#### What to work on:
Keep the wording of every entry exactly as it is while leaving the pictures out of your copy.
+---+
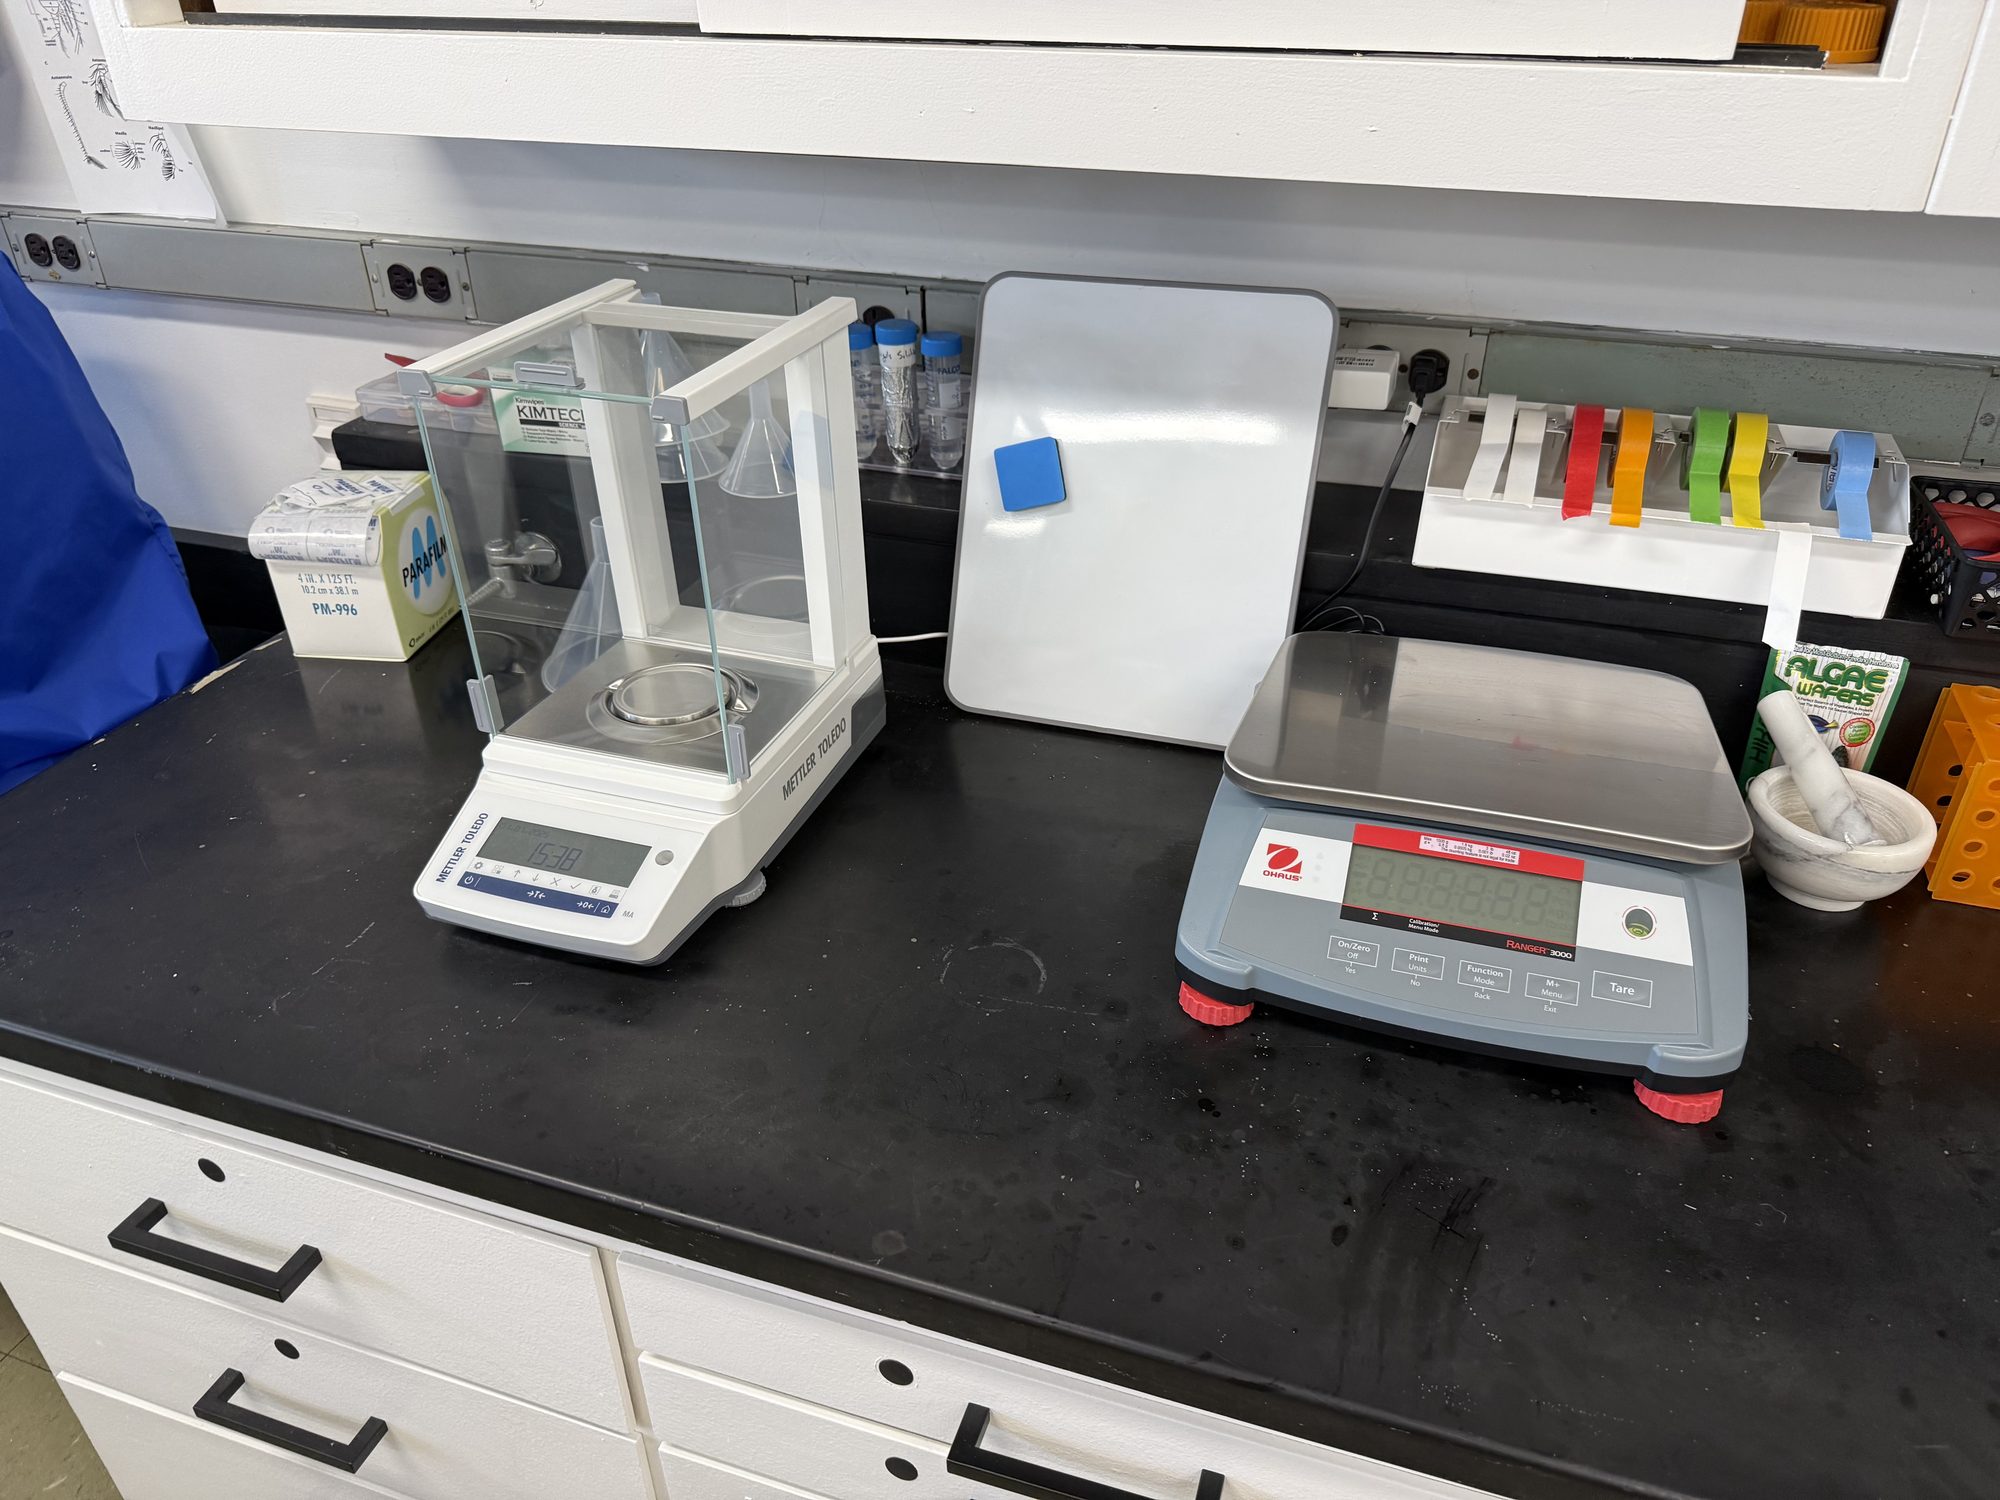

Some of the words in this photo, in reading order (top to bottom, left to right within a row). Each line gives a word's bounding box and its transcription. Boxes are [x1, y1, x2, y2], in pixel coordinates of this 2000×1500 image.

[515, 396, 545, 406] Kimwipes
[327, 574, 343, 584] 125
[344, 574, 357, 584] FT.
[301, 585, 316, 594] 10.2
[335, 585, 350, 595] 38.1
[312, 603, 358, 616] PM-996
[1784, 655, 1889, 693] ALGAE
[1796, 681, 1876, 707] WAFERS
[781, 752, 817, 801] METTLER
[818, 717, 847, 759] TOLEDO
[435, 846, 467, 883] METTLER
[461, 812, 489, 844] TOLEDO
[622, 910, 635, 919] MA
[1408, 918, 1440, 928] Calibration/
[1408, 923, 1423, 932] Menu
[1424, 926, 1440, 934] Mode
[1337, 940, 1371, 953] On/Zero
[1346, 952, 1359, 960] Off
[1409, 953, 1429, 964] Print
[1550, 949, 1573, 960] 3000
[1344, 966, 1357, 974] Yes
[1408, 963, 1427, 973] Units
[1467, 964, 1504, 978] Function
[1410, 979, 1421, 987] No
[1473, 975, 1495, 986] Mode
[1546, 979, 1561, 988] M+
[1541, 988, 1563, 999] Menu
[1609, 981, 1635, 996] Tare
[1474, 991, 1491, 1001] Back
[1543, 1004, 1557, 1013] Exit
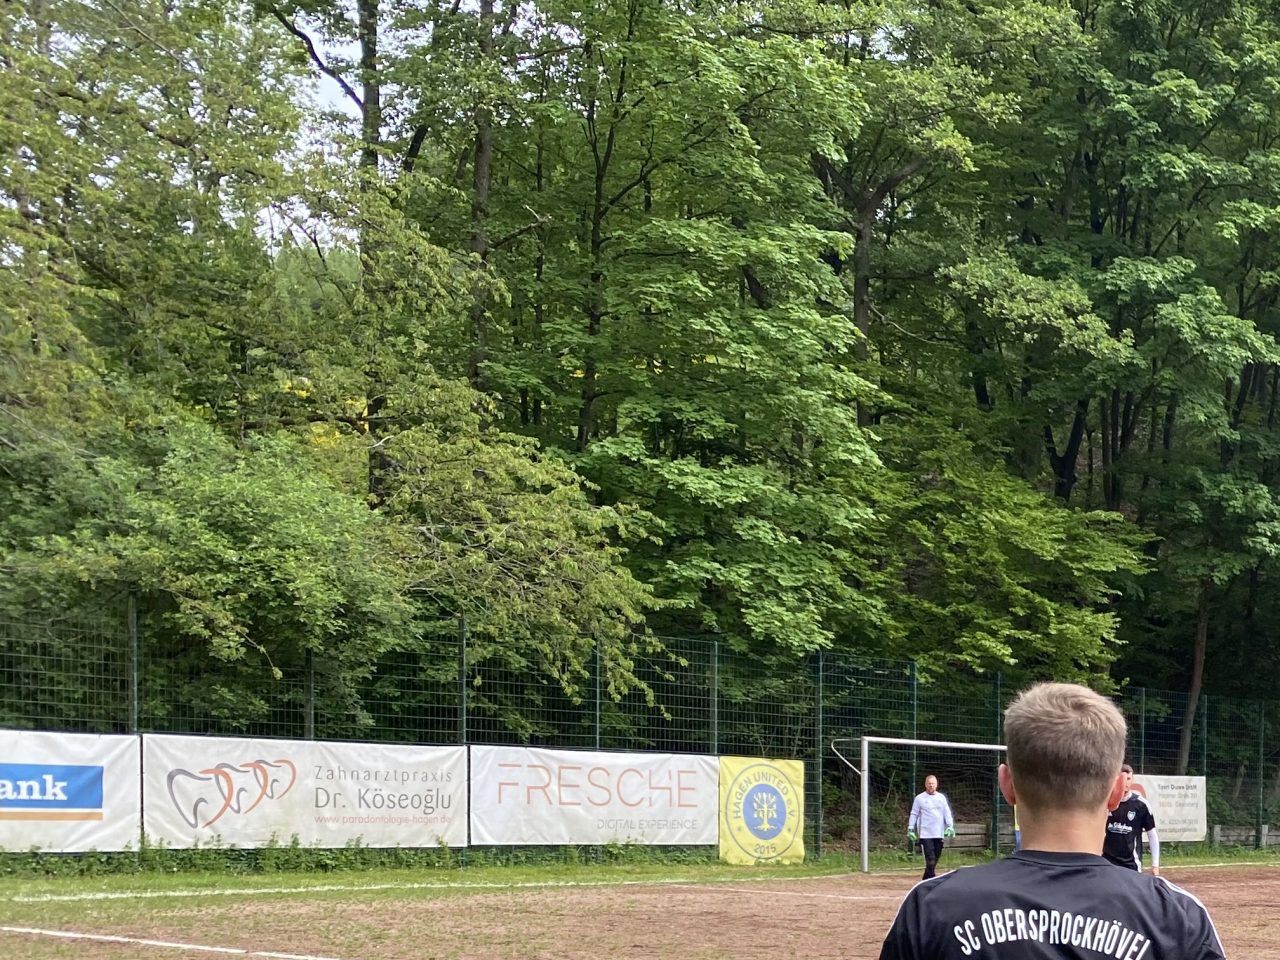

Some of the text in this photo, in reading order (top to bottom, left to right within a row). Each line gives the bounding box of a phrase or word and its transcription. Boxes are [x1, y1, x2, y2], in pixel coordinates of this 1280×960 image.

[314, 765, 453, 785] Zahnarztpraxis
[498, 764, 698, 808] FRESCHE
[314, 787, 346, 809] Dr.
[733, 776, 753, 819] HAGEN
[753, 771, 789, 795] UNITED
[597, 818, 698, 830] DIGITAL EXPERIENCE
[754, 843, 777, 855] 2015
[953, 919, 981, 955] SC
+---+
#### Answer for the task:
Some of the words in this photo, in reading order (top to bottom, left to right within a row). Each line gives a word's bounding box and its transcription. Boxes are [x1, y1, x2, y2], in pixel coordinates of this 2000×1500 image.

[515, 396, 545, 406] Kimwipes
[327, 574, 343, 584] 125
[344, 574, 357, 584] FT.
[301, 585, 316, 594] 10.2
[335, 585, 350, 595] 38.1
[312, 603, 358, 616] PM-996
[1784, 655, 1889, 693] ALGAE
[1796, 681, 1876, 707] WAFERS
[781, 752, 817, 801] METTLER
[818, 717, 847, 759] TOLEDO
[435, 846, 467, 883] METTLER
[461, 812, 489, 844] TOLEDO
[622, 910, 635, 919] MA
[1408, 918, 1440, 928] Calibration/
[1408, 923, 1423, 932] Menu
[1424, 926, 1440, 934] Mode
[1337, 940, 1371, 953] On/Zero
[1346, 952, 1359, 960] Off
[1409, 953, 1429, 964] Print
[1550, 949, 1573, 960] 3000
[1344, 966, 1357, 974] Yes
[1408, 963, 1427, 973] Units
[1467, 964, 1504, 978] Function
[1410, 979, 1421, 987] No
[1473, 975, 1495, 986] Mode
[1546, 979, 1561, 988] M+
[1541, 988, 1563, 999] Menu
[1609, 981, 1635, 996] Tare
[1474, 991, 1491, 1001] Back
[1543, 1004, 1557, 1013] Exit

Some of the text in this photo, in reading order (top to bottom, left to right within a row). Each line gives the bounding box of a phrase or word and its transcription. Boxes are [x1, y1, x2, y2], in pixel coordinates of this 1280×960 image.

[314, 765, 453, 785] Zahnarztpraxis
[498, 764, 698, 808] FRESCHE
[314, 787, 346, 809] Dr.
[733, 776, 753, 819] HAGEN
[753, 771, 789, 795] UNITED
[597, 818, 698, 830] DIGITAL EXPERIENCE
[754, 843, 777, 855] 2015
[953, 919, 981, 955] SC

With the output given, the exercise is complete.